Even beyond our connectedness to the ideas of our ancestors from a practical standpoint, though, there are ideas within classical content that make us better human beings for having studied them, make us what Aristotle would have called “virtuous.” Classical education cultivates virtue in its students. The Greeks thought of virtue this way (albeit simplified): a thing that fulfills well the purpose for which it is made by its creator is a virtuous thing. Classical education connects students to ideas from every time and many perspectives in history and helps them sort through which of those ideas have proven good and which evil; helps them see God’s truth in all times and places; gives them an appreciation for the beauty that has reflected the image of God throughout history; gives them a solid idea of what it means to be truly human.
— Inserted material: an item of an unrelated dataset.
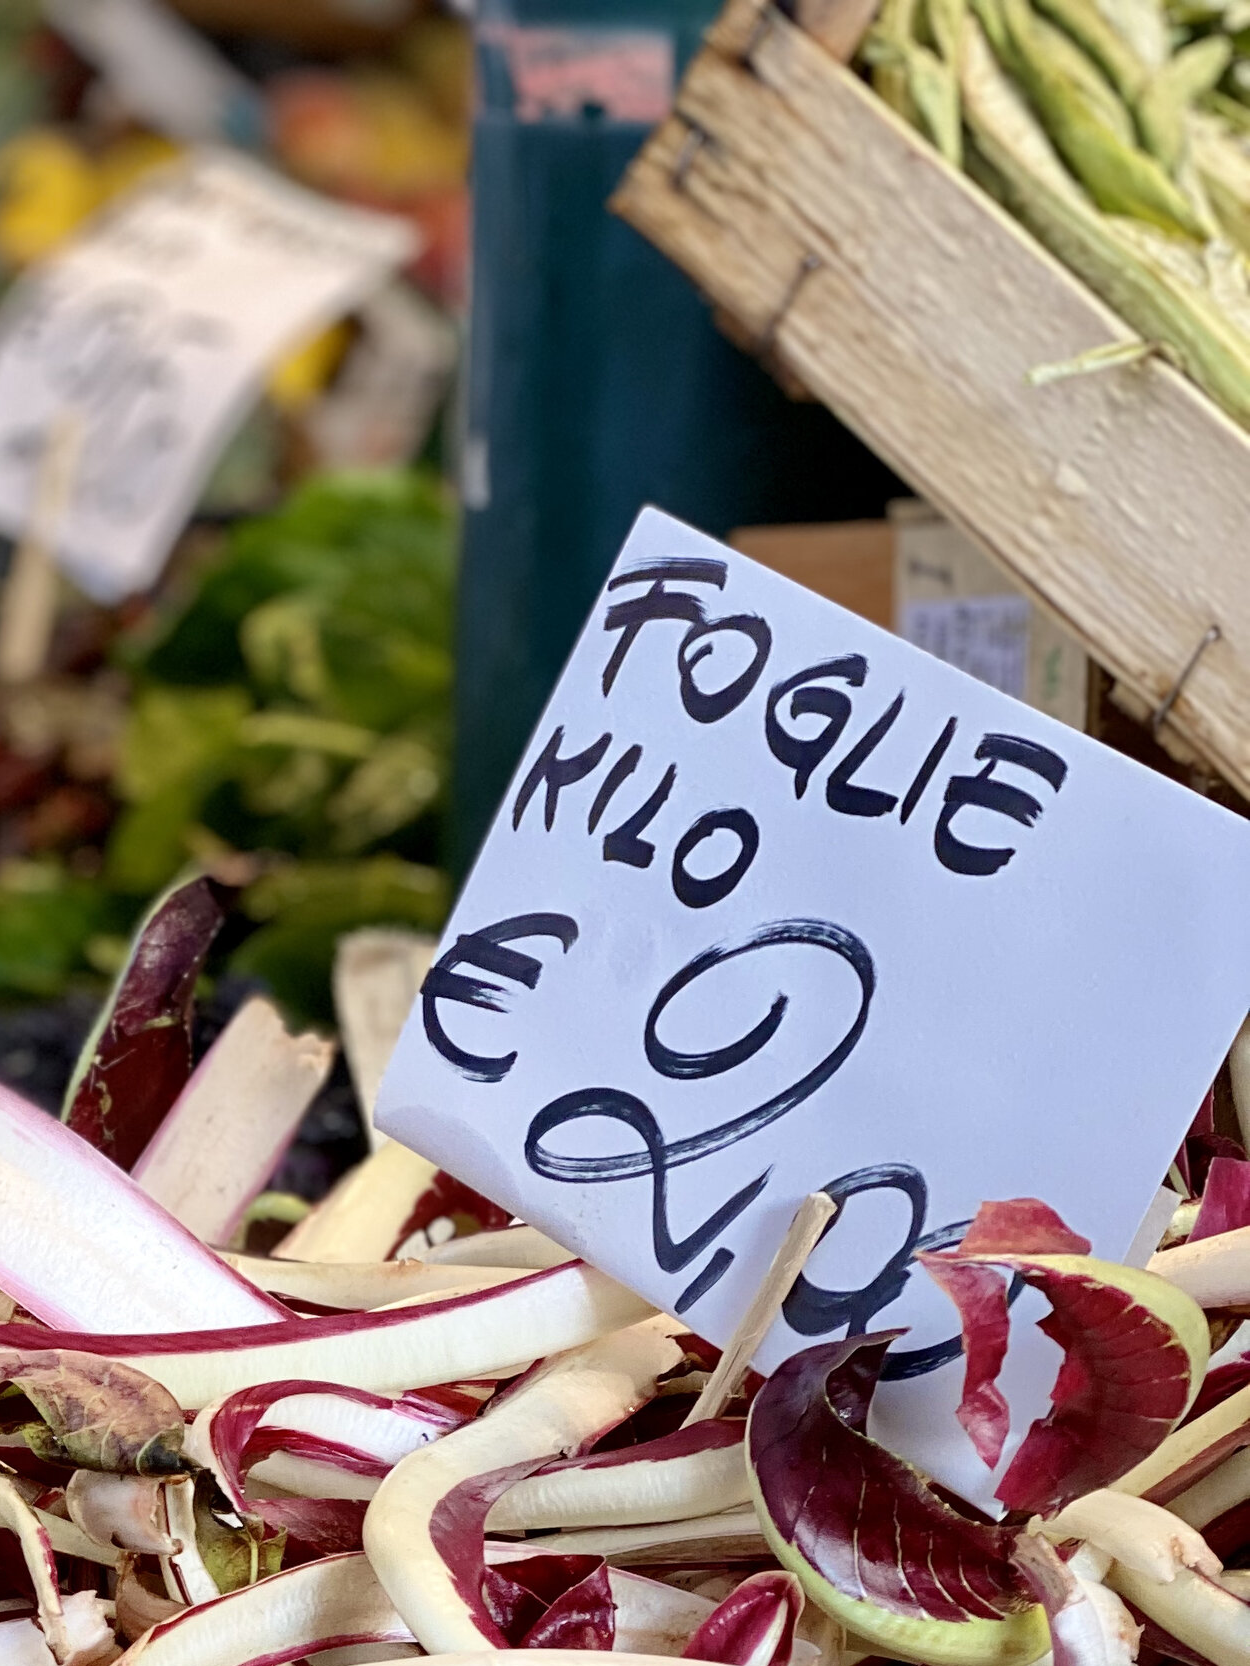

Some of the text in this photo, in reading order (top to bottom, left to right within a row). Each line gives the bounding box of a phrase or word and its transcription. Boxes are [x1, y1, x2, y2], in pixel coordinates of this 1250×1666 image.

Even the hard work required of students as they study these ideas cultivates virtue, makes them better people for having done the work, and brings them closer to being what God has created them to be.

So the modern goal of education is for a student to get into a good college in order to get a good job so that he or she can make a lot of money. Common assertions of that way of thinking are: self is the highest authority, current time is all that matters, society is evolving and improving at a rapid rate, get all you can get for yourself. The classical goal of education is to teach students how to think and how to learn for themselves while cultivating virtue in them, thereby molding and shaping them into exactly what their Creator made them to be. Common assertions of this way of thinking are: God is the highest authority, people have been the same since Adam, we have much to learn from our ancestors, become what God has made us to be so that we might better love God and neighbor. Certainly, a good college and a good job may also be in store for the classically educated, but even then the aim is to fulfill a God-given purpose. Nothing accomplishes that in students like classical education—the old stuff and the hard work it takes to learn it. To that end, I suggest that “all that classical stuff” is not useless in the real world, but is actually the most useful; in fact, all that old stuff is what the real world is made of.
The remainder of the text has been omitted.